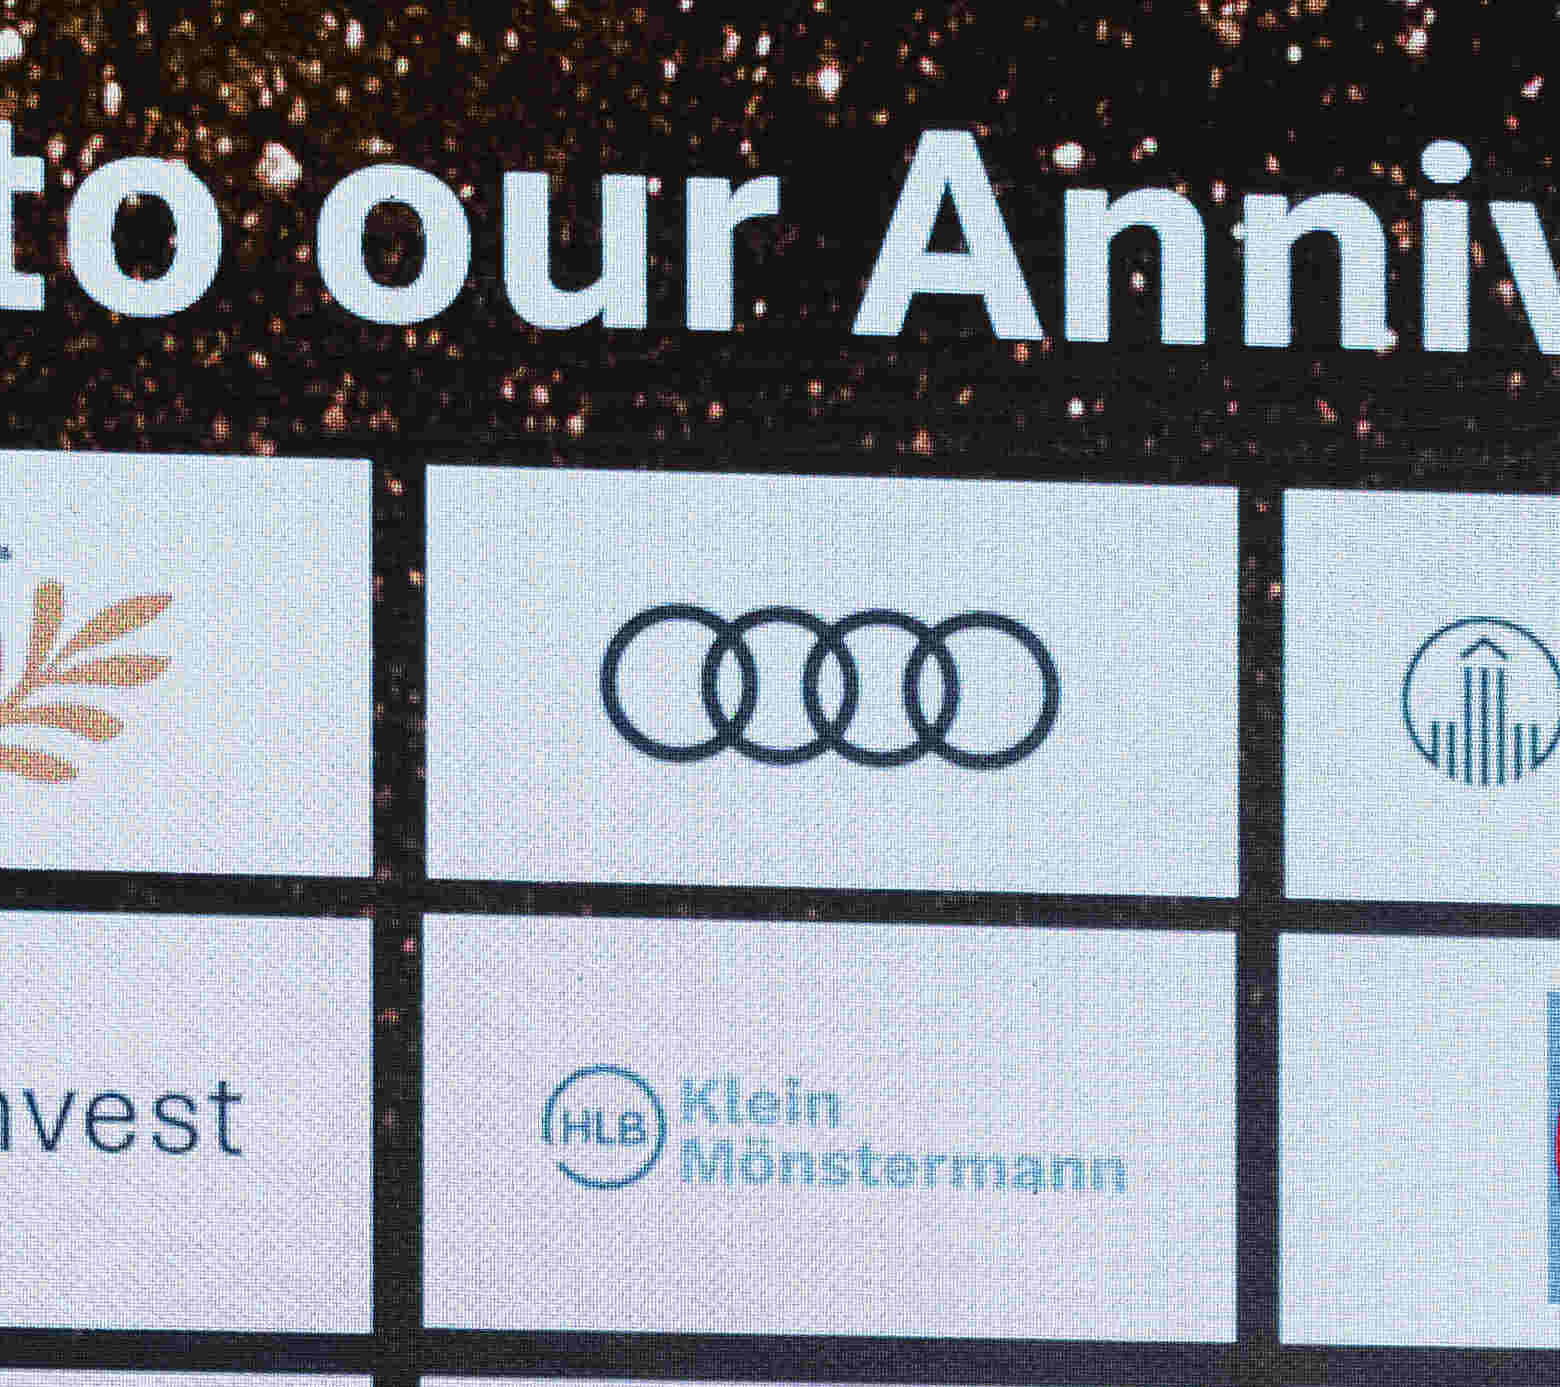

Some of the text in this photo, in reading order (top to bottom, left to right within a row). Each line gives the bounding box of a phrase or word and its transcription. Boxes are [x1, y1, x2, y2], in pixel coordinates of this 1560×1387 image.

[318, 165, 778, 330] our
[562, 1109, 648, 1147] HLB
[682, 1077, 840, 1128] Klein
[681, 1137, 1126, 1194] Mönstermann
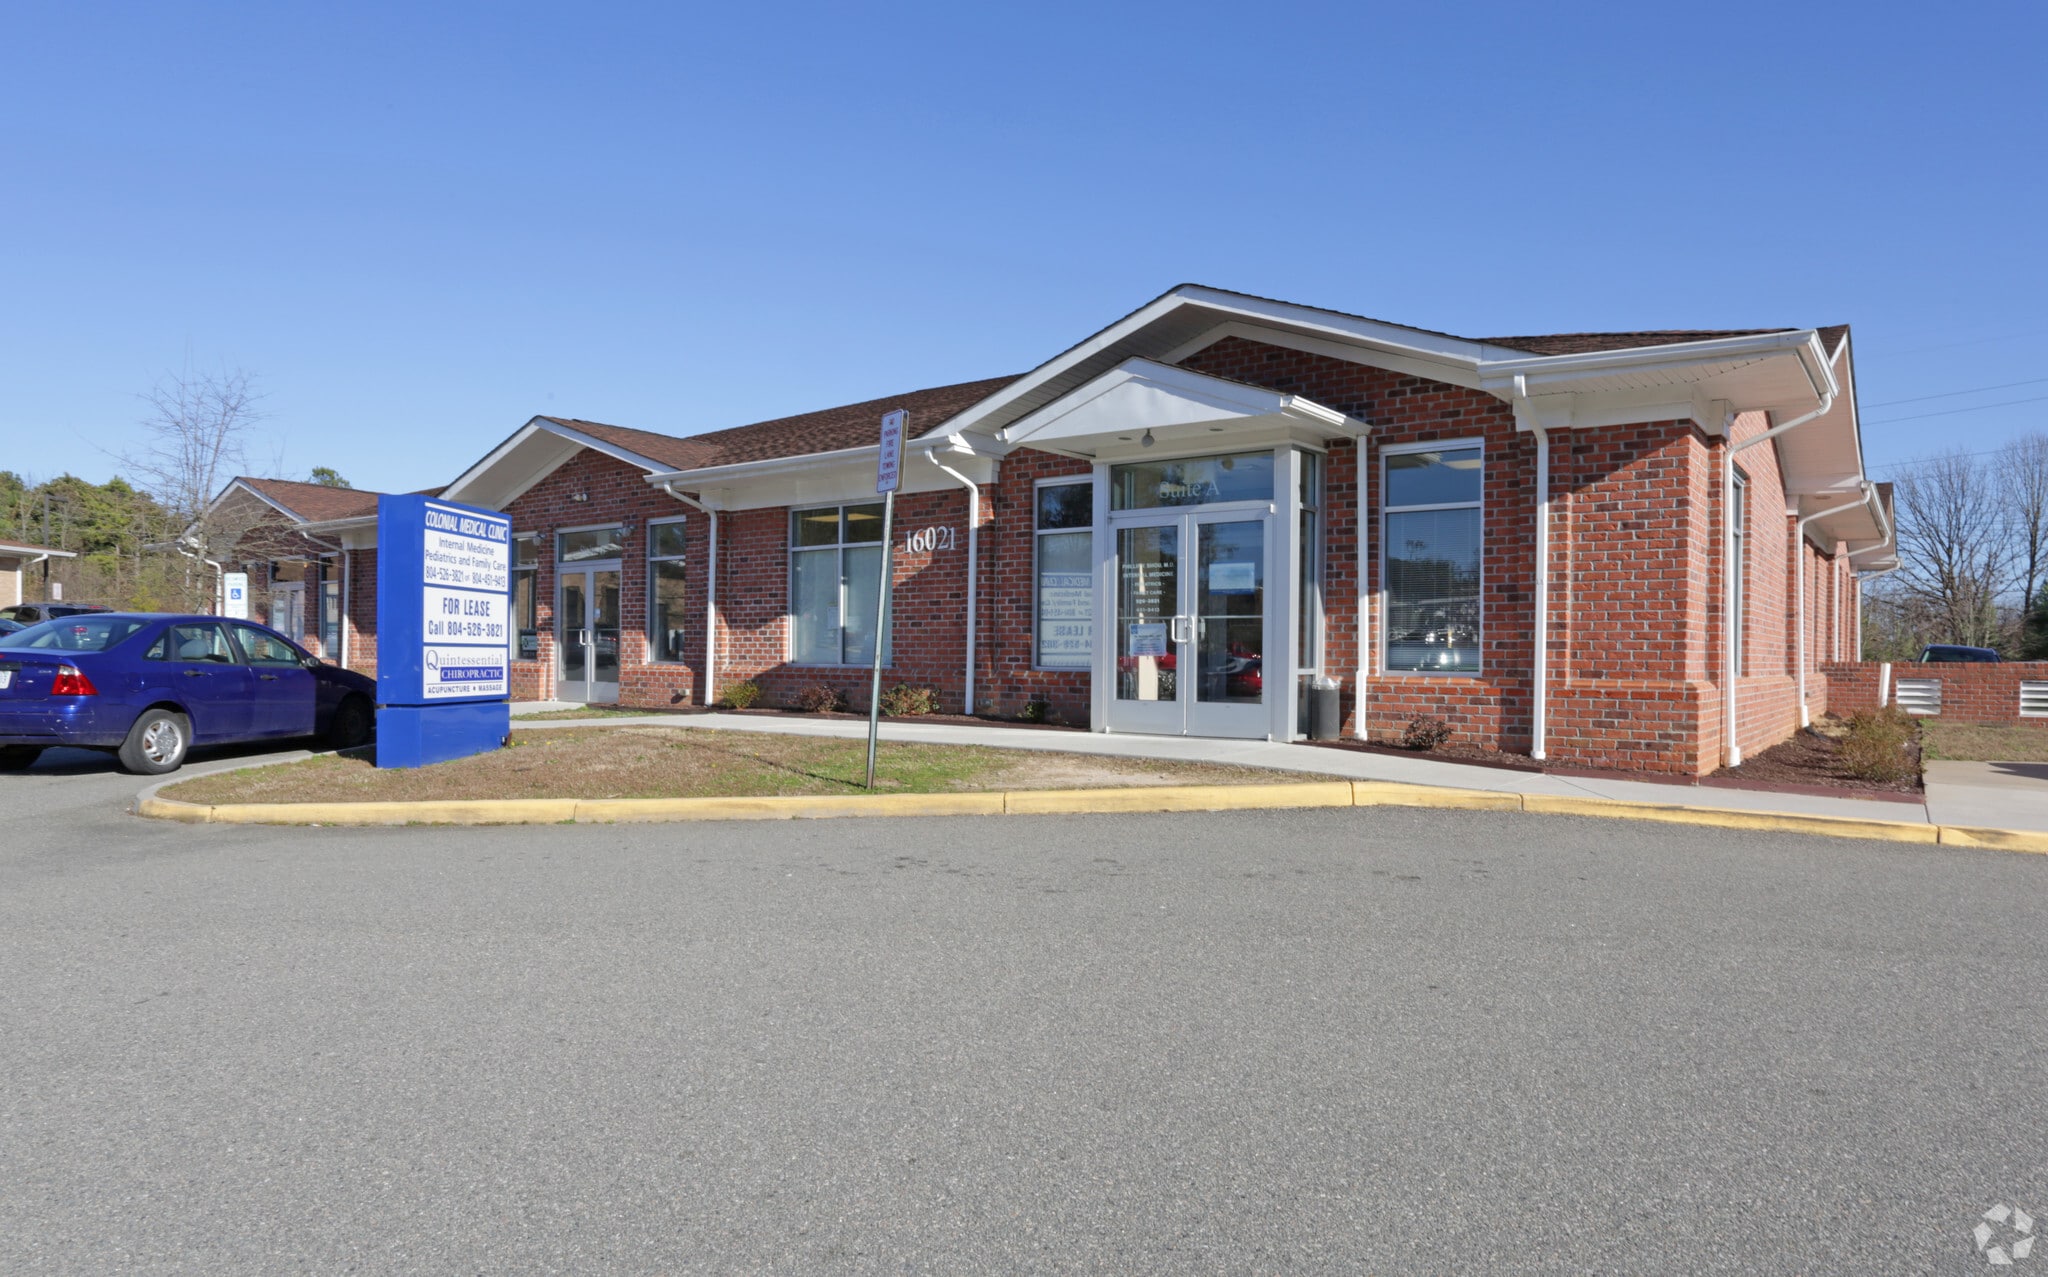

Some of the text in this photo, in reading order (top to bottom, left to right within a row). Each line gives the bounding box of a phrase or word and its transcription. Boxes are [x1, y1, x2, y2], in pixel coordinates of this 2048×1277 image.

[1159, 479, 1220, 498] Suite A
[425, 510, 508, 541] COLONIAL MEDICAL CLINIC
[439, 536, 494, 556] Internal Medicine
[904, 525, 956, 553] 16021
[425, 549, 506, 571] Pediatrics and Family Care
[425, 565, 464, 582] 804-526-3821
[443, 597, 490, 617] FOR LEASE
[428, 620, 503, 637] Call 804-526-3821
[425, 649, 502, 671] Quintessential
[441, 669, 503, 679] CHIROPRACTIC
[428, 685, 470, 694] ACUPUNCTURE
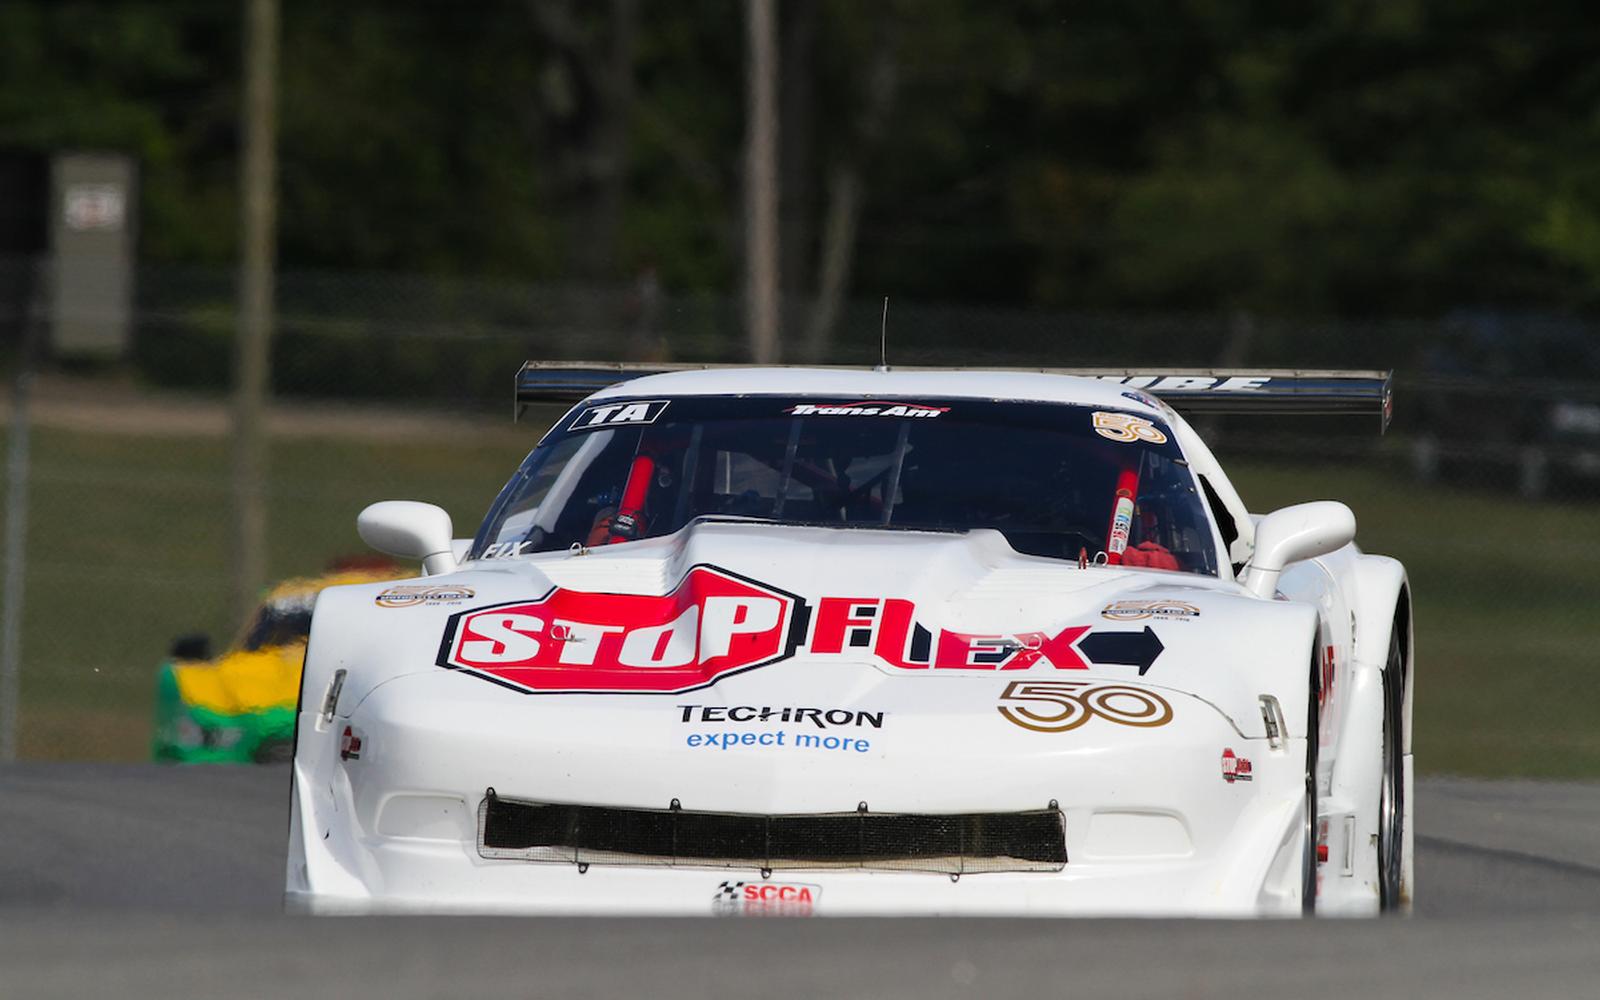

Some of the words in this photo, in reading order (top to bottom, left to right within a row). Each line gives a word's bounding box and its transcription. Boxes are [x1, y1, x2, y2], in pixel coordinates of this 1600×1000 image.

[588, 403, 650, 425] TA
[792, 404, 881, 416] Trans
[880, 405, 942, 418] Am
[1093, 411, 1167, 443] 50
[460, 596, 781, 668] STOP
[810, 597, 1093, 670] FLEX
[677, 705, 884, 729] TECHRON
[997, 681, 1174, 732] 50
[687, 730, 785, 750] expect
[795, 734, 870, 752] more
[743, 884, 814, 902] SCCA
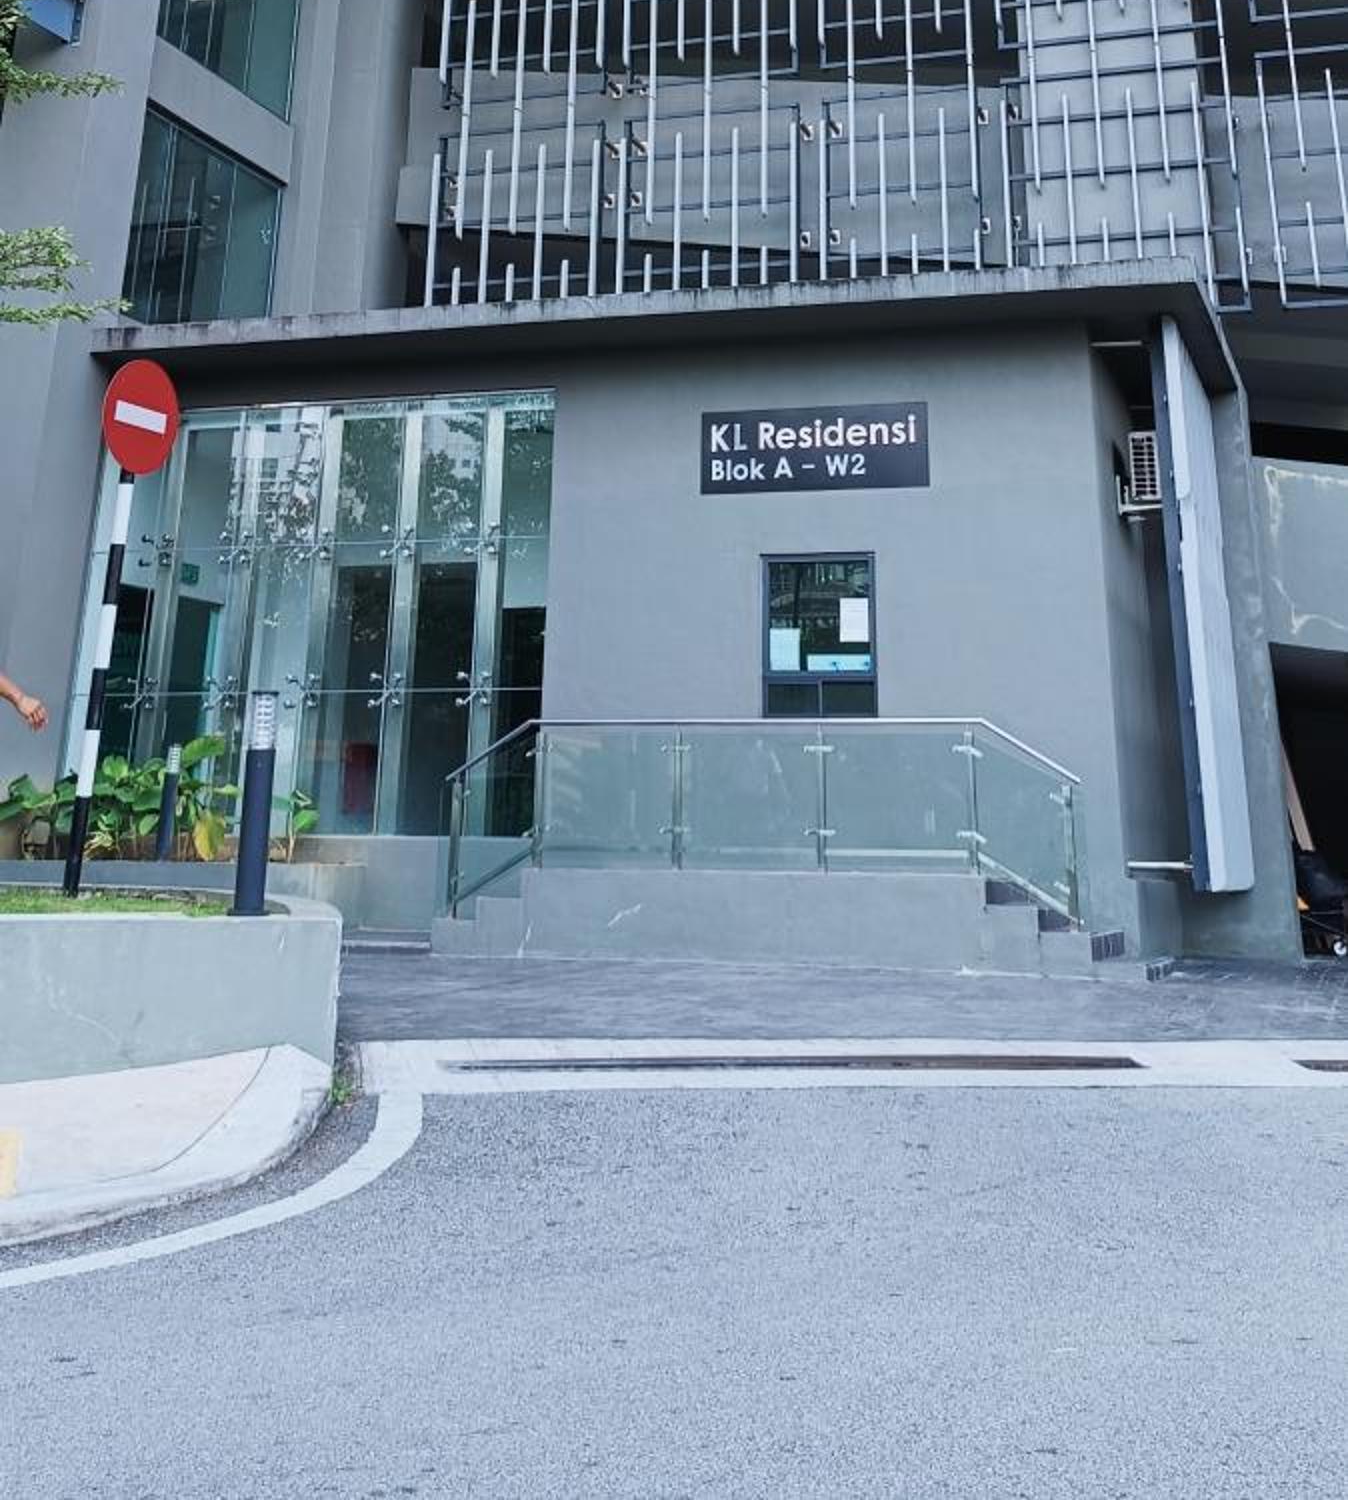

* **Required action**: Since the pictures are not wanted, repeat only the rest of the material, exactly as given.

* **Result**:
Some of the text in this photo, in reading order (top to bottom, left to right within a row). Each line gives the bounding box of a phrase or word and its transcription. Boxes are [x1, y1, x2, y2], in pixel coordinates of this 1560×1387 image.

[318, 165, 778, 330] our
[562, 1109, 648, 1147] HLB
[682, 1077, 840, 1128] Klein
[681, 1137, 1126, 1194] Mönstermann

Some of the text in this photo, in reading order (top to bottom, left to right within a row). Each line gives the bounding box of a phrase or word and its transcription. Boxes are [x1, y1, x2, y2], in pixel coordinates of this 2048×1277 image.

[1159, 479, 1220, 498] Suite A
[425, 510, 508, 541] COLONIAL MEDICAL CLINIC
[439, 536, 494, 556] Internal Medicine
[904, 525, 956, 553] 16021
[425, 549, 506, 571] Pediatrics and Family Care
[425, 565, 464, 582] 804-526-3821
[443, 597, 490, 617] FOR LEASE
[428, 620, 503, 637] Call 804-526-3821
[425, 649, 502, 671] Quintessential
[441, 669, 503, 679] CHIROPRACTIC
[428, 685, 470, 694] ACUPUNCTURE

Some of the words in this photo, in reading order (top to bottom, left to right within a row). Each line gives a word's bounding box and its transcription. Boxes are [x1, y1, x2, y2], in pixel coordinates of this 1600×1000 image.

[588, 403, 650, 425] TA
[792, 404, 881, 416] Trans
[880, 405, 942, 418] Am
[1093, 411, 1167, 443] 50
[460, 596, 781, 668] STOP
[810, 597, 1093, 670] FLEX
[677, 705, 884, 729] TECHRON
[997, 681, 1174, 732] 50
[687, 730, 785, 750] expect
[795, 734, 870, 752] more
[743, 884, 814, 902] SCCA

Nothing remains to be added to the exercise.